Check if Polygon is Self-Intersecting?

This is an interesting problem, which I address below in pseudocode form. Unfortunately, there is a character limit for these answers, so I am not able to also include actual C# code. Perhaps it will be possible to attach a code sample as a comment.

We can make a couple of preliminary observations:

1. Only polygons with four or more sides can have sides that cross each other.
2. No two neighboring sides on the path defining the polygon can cross.

Consider the general case for an n-sided polygon. At a high level, a workable algorithm could go something like this:

1. Establish an empty list, SidePairs.
2. For each side S in the polygon:
3. For each other side S_other in the polygon:
4. Determine whether S_other is a neighbor of S along the point path.
5. If S and S_other are not neighbors, AND if SidePairs does not already contain the pair (S, S_other), add the pair to SidePairs.
6. For each side pair in SidePairs:
7. Execute a function HasIntersection(Side1, Side2), to see if the two sides in the pair intersect
8. If the side pair intersects, either return immediately, or flag the side pair and continue.
9. Report out the result as a boolean, or as a list of all intersecting side pairs.

Now let's look at the function HasIntersection. Comparing two line segments to see if they intersect is somewhat like asking whether two geometric lines intersect, except that unlike geometric lines, line segments are defined only on a restricted domain:

x_{lower bound} <= x <= x_{upper bound}

This restricted domain is the "shadow" a line segment casts on the x-axis.

Two line segments can only intersect if their shadows overlap, because only then can there be an x-value for which both share the same y-value. This test should be the first step in HasIntersection.

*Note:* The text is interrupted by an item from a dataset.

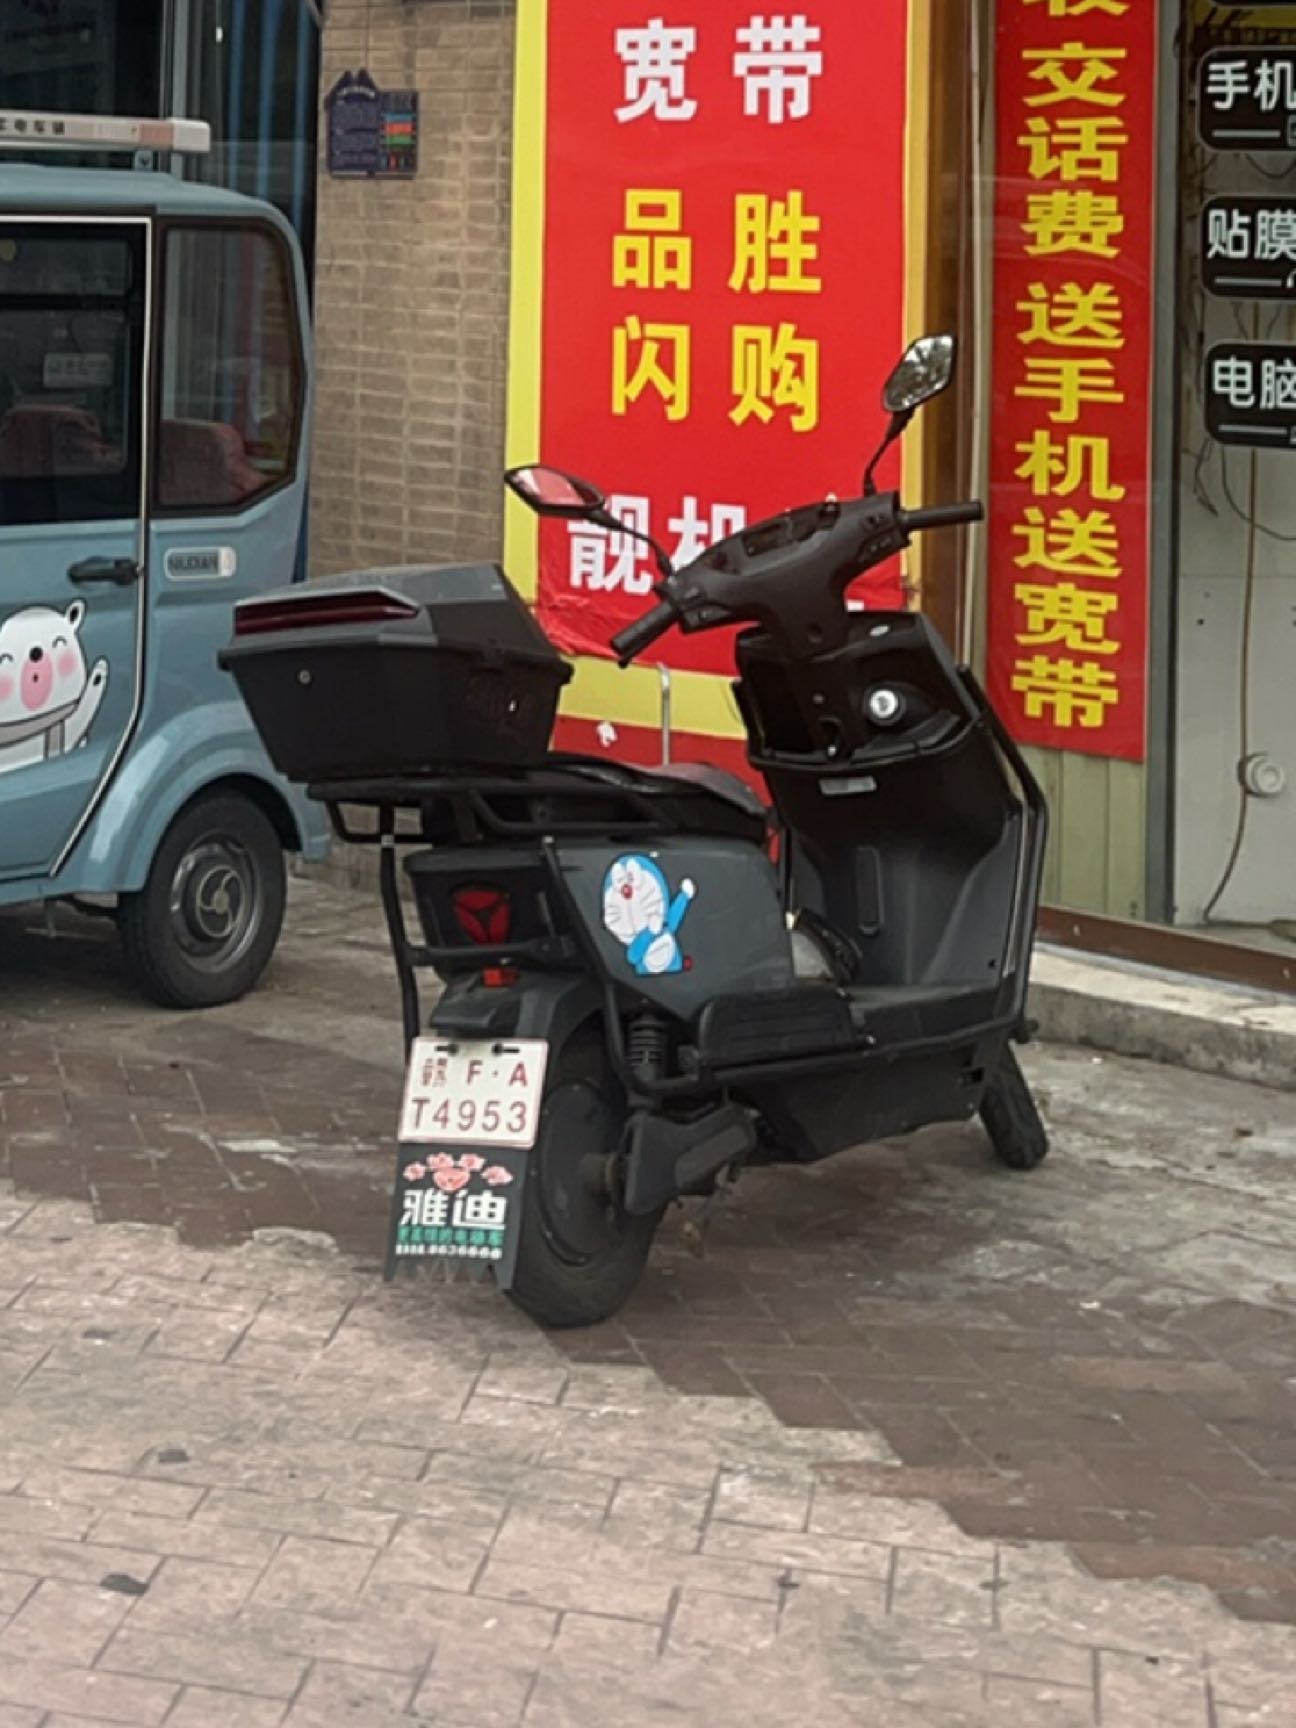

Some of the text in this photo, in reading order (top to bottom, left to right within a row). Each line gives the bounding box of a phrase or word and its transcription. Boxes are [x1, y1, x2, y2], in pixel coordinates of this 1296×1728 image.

Each line segment has two (x, y) endpoints. We need only look at the four endpoint x-coordinate values to determine whether there is overlap, and if so what the overlapping domain is:

1. For each pair of line segments S₁, S₂, where S₁ has lower and upper endpoint x-values x_S1Low and x_S1High, and S₂ has lower and upper endpoint x-values x_S2Low and x_S2High:
2. Find the maximum lower x- value: x_LowerMax = MAX(x_S1Min, x_S2Min)
3. Find the minimum upper x-value: x_upperMin = MIN(x_S1Min, x_S2Min)
4. Execute the following CASE logic:
5. If x_LowerMax < x_upperMin the domains overlap, and the overlapping includes all x values between x_LowerMax and x_upperMin. An intersection of line segments is possible.
6. Determine whether the segments actually intersect by calling another function, LinesIntersectOnSharedDomain. More about that later.
7. If x_LowerMax > x_upperMin, the two line segment have no domain overlap, so there can be no intersection. No further analysis is needed.
8. If x_LowerMax = x_upperMin, the two line segment domains overlap at a single point on the x-axis. If the y-values there are equal, the line segments touch to form a vertex. Since we have already excluded immediate neighbors, this happens when a line segment "re-contacts" an earlier-defined vertex point. This is not a true crossing, so no further analysis is needed.

Finally, here is the pseudocode for LinesIntersectOnSharedDomain:

1. For the line segments S₁, S₂, obtain the equation of the lines passing through their endpoints.
2. Determine the (x, y) intersection point of the two lines if they are not parallel.
3. If the x-value in the (x, y) intersection point lies inside the overlapping domain x_LowerMax <= x <= x_upperMin, the line segments intersect. Otherwise, they do not.